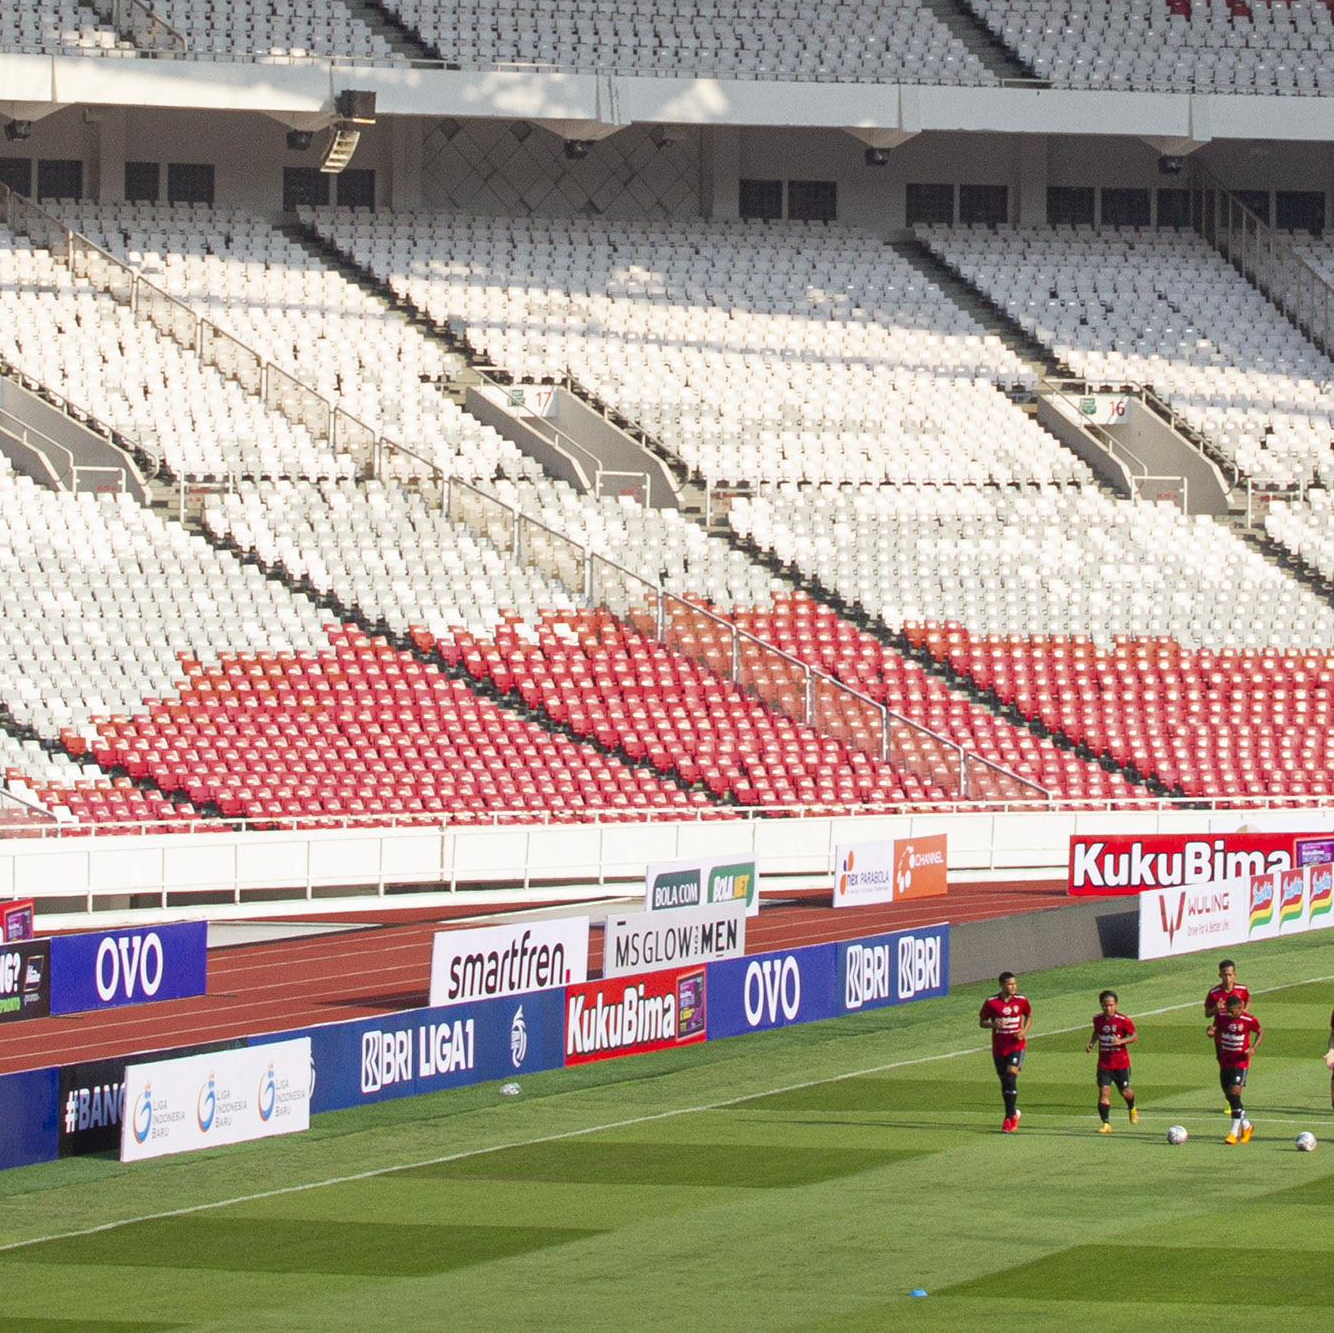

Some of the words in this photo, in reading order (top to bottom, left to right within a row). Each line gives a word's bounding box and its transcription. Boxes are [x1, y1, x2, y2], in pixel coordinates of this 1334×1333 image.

[536, 391, 552, 408] 17
[1109, 401, 1125, 416] 16
[915, 851, 943, 866] CHANNEL
[1073, 840, 1291, 887] KukuBima
[860, 870, 889, 885] PARABOLA
[1188, 892, 1230, 916] WULING
[616, 933, 640, 968] MS
[643, 926, 693, 964] GLOW
[701, 919, 737, 954] MEN
[96, 932, 163, 1001] OVO
[915, 936, 941, 991] BRI
[863, 945, 889, 1001] BRI
[744, 955, 801, 1027] OVO
[567, 982, 676, 1056] KukuBima
[382, 1029, 413, 1086] BRI
[276, 1079, 289, 1090] LIGA
[216, 1090, 230, 1100] LIGA
[275, 1089, 306, 1104] INDONESIA
[153, 1100, 167, 1111] LIGA
[216, 1100, 248, 1115] INDONESIA
[275, 1106, 291, 1117] BARU
[152, 1111, 185, 1124] INDONESIA
[215, 1116, 231, 1128] BARU
[152, 1128, 169, 1139] BARU

-*-

Excluding all pictures, reproduce the records exactly as they appear above.

**ANSWER SECTION:**
Some of the words in this photo, in reading order (top to bottom, left to right within a row). Each line gives a word's bounding box and its transcription. Boxes are [x1, y1, x2, y2], in pixel coordinates of this 1334×1333 image.

[536, 391, 552, 408] 17
[1109, 401, 1125, 416] 16
[915, 851, 943, 866] CHANNEL
[1073, 840, 1291, 887] KukuBima
[860, 870, 889, 885] PARABOLA
[1188, 892, 1230, 916] WULING
[616, 933, 640, 968] MS
[643, 926, 693, 964] GLOW
[701, 919, 737, 954] MEN
[96, 932, 163, 1001] OVO
[915, 936, 941, 991] BRI
[863, 945, 889, 1001] BRI
[744, 955, 801, 1027] OVO
[567, 982, 676, 1056] KukuBima
[382, 1029, 413, 1086] BRI
[276, 1079, 289, 1090] LIGA
[216, 1090, 230, 1100] LIGA
[275, 1089, 306, 1104] INDONESIA
[153, 1100, 167, 1111] LIGA
[216, 1100, 248, 1115] INDONESIA
[275, 1106, 291, 1117] BARU
[152, 1111, 185, 1124] INDONESIA
[215, 1116, 231, 1128] BARU
[152, 1128, 169, 1139] BARU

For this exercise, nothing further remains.